La consapevolezza per noi tutti guardando a don Lino e al suo ministero è di trovarci dinnanzi a un considerevole segno e a una consistente testimonianza del cammino della nostra Chiesa: vi riconosciamo comunità (una decina…), luoghi, tempi, eventi che don Lino ha vissuto, incontrando persone, ospitando seminaristi, collaborando con i confratelli preti… Potremmo dire che don Lino ha anche portato tutto questo sulle sue solide spalle, senza mollare un attimo, prendendo dentro tutto quanto, infaticabilmente. Gli apostoli Paolo e Barnaba nel loro viaggiare di comunità in comunità, di cui ci parlano gli Atti degli Apostoli, tratteggiano anche le vicissitudini di ministero di don Lino. Di loro nella lettura appena proclamata è detto: «Essi dunque, provveduti del necessario dalla Chiesa, attraversarono la Fenicia e la Samaria, raccontando la conversione dei pagani e suscitando grande gioia in tutti i fratelli». Immagino sia anche la gioia di tanti ammalati, barellieri, sorelle, operatrici e operatori sanitari, dottoresse, pellegrini, associati… che hanno vagliato la fedeltà indiscussa di don Lino, il suo robusto sostegno e accompagnamento spirituale. Questo attraversare da parte di Paolo e Barnaba di tante località richiama plasticamente l’interminabile successione di luoghi che sempre nei pellegrinaggi, dentro il recinto del santuario di Lourdes, don Lino faceva visitare.

Viene spontaneo il ricordo del suo 50° pellegrinaggio – ormai tre anni fa – l’ultima volta in cui abbiamo potuto andare a Lourdes, quando la sua abituale sede era diventata la carrozzina. Si fece accompagnare ovunque. Infatti la sua vita era stata ribaltata: era diventato ciò che aveva amato, era diventato quelli che aveva servito.

Noi non abbiamo parole più veritiere delle parole di Gesù per raccontare questa sua incarnazione e questa sua pasqua: «Rimanete in me e io in voi. Come il tralcio non può portare frutto da se stesso se non rimane nella vite, così neanche voi se non rimanete in me».

Ho presente le lacrime di commozione di don Lino quando, in quel pellegrinaggio, volle ricevere l’unzione degli infermi: erano scrigni di gioia e di pace interiore.

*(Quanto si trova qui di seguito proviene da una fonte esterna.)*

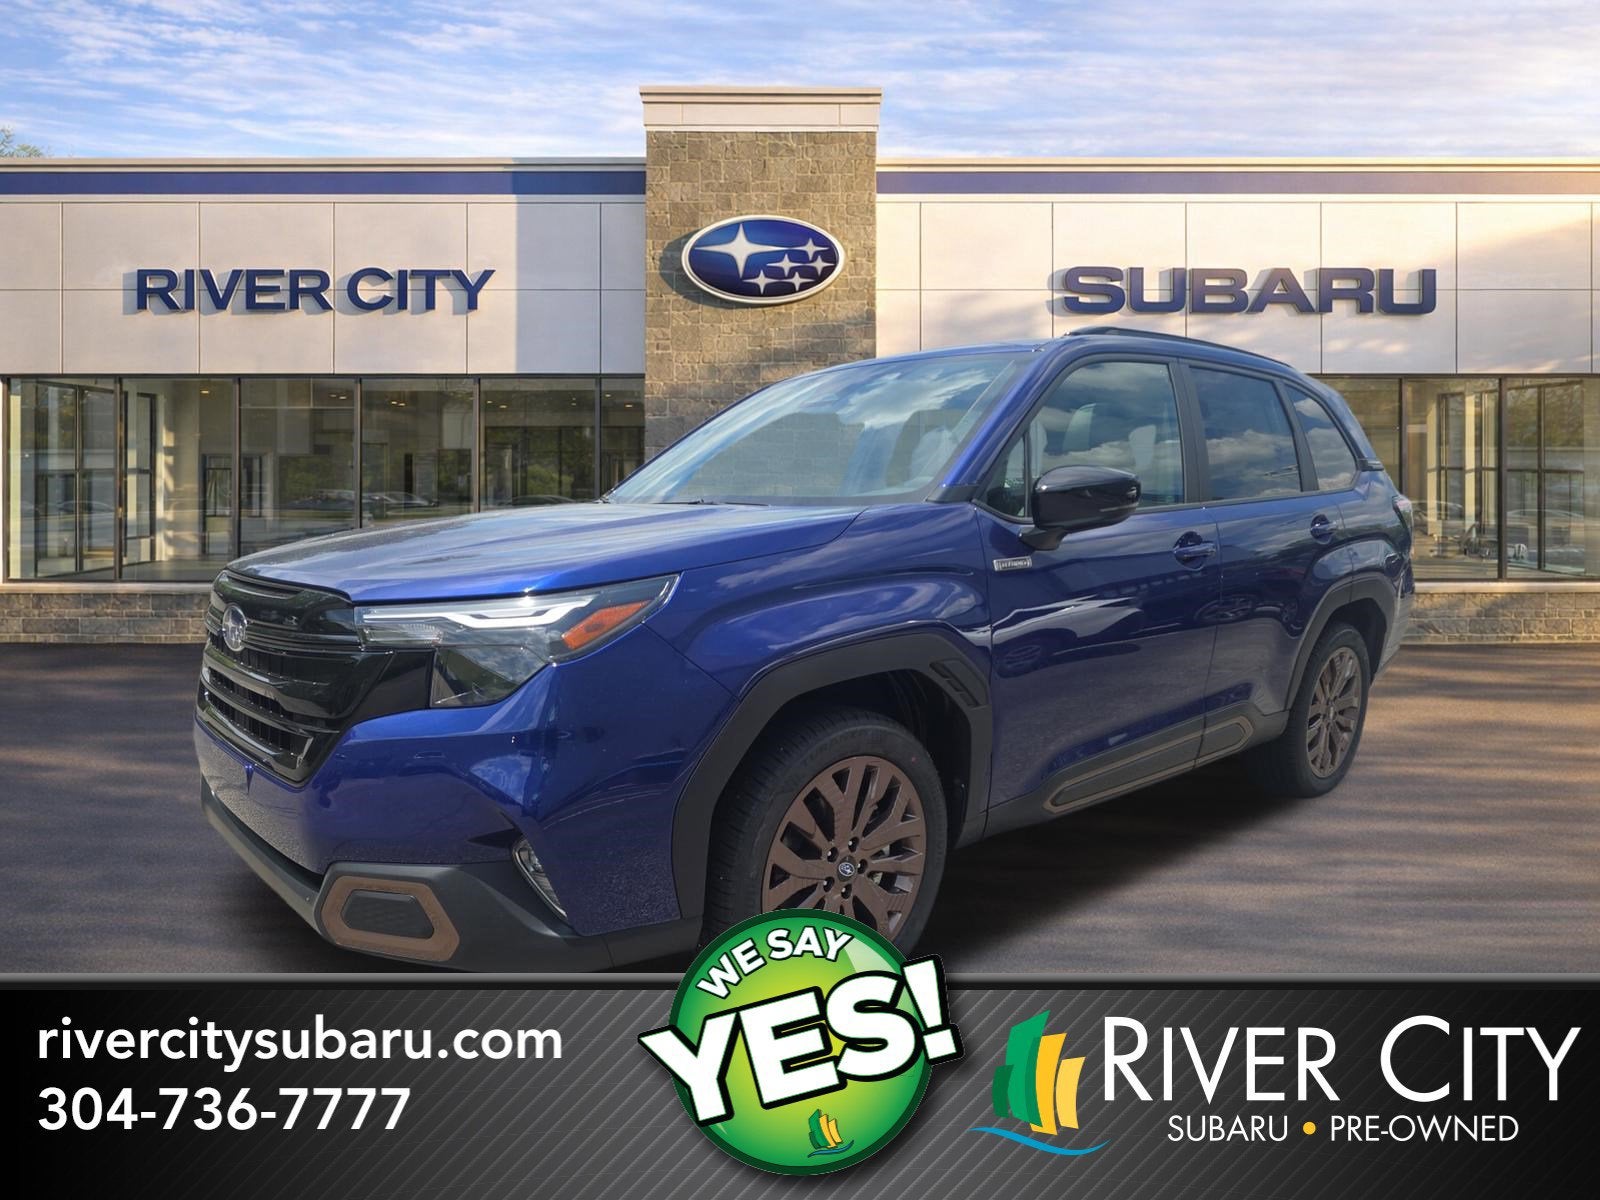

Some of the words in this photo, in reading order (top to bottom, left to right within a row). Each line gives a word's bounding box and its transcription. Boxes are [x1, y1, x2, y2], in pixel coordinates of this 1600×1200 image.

[136, 268, 332, 312] RIVER
[347, 268, 495, 311] CITY
[1063, 266, 1437, 315] SUBARU

Da allora egli ha vissuto come un nonno dolce e affabile, arreso all’imprevedibile della vita, fino al suo spegnersi con cui, nell’ospitale casa di soggiorno di Meano, ha portato a compimento il suo viaggiare, il suo servire, il suo fare, il suo pregare. Ed ecco la rassicurazione di Gesù, Lui che è la vite in cui i tralci rimangono e fruttificano: «In questo è glorificato il Padre mio: che portiate molto frutto e diventiate miei discepoli».

Ci fa molto riflettere l’immagine con cui Gesù ci racconta del Padre suo: «Io sono la vite vera e il Padre mio è l’agricoltore». Dal Comelico, passando per il Cadore, fino all’Alpago don Lino ha disegnato la parabola di un solerte agricoltore. La sua paternità pastorale ha manifestato concretamente ciò che Gesù dice del Padre: «È l’agricoltore».

Poi, don Lino, nella vita e nel ministero, nell’incontro umile e sincero con gli altri, di fatica in fatica, di gioia in gioia, ha scoperto la bellezza di essere, in forma spoglia e disarmata, un tralcio rimasto nella vite, la quale è viva perché genera tanti altri tralci: «Io sono la vite, voi i tralci. Chi rimane in me, e io in lui, porta molto frutto, perché senza di me non potete far nulla».

In questa Eucaristia di saluto don Lino ci fa una consegna: ci mostra il suo radicarsi in Cristo con la Chiesa; ci sollecita ad amare Cristo nella Chiesa. Ora sembra incoraggiarci e dirci che ciò è umanamente possibile.

Il nostro affetto, la nostra riconoscenza, la nostra preghiera non possono che sciogliersi nelle parole del salmo: «Quale gioia, quando mi dissero: “Andremo alla casa del Signore!”. Già sono fermi i nostri piedi alle tue porte, Gerusalemme!».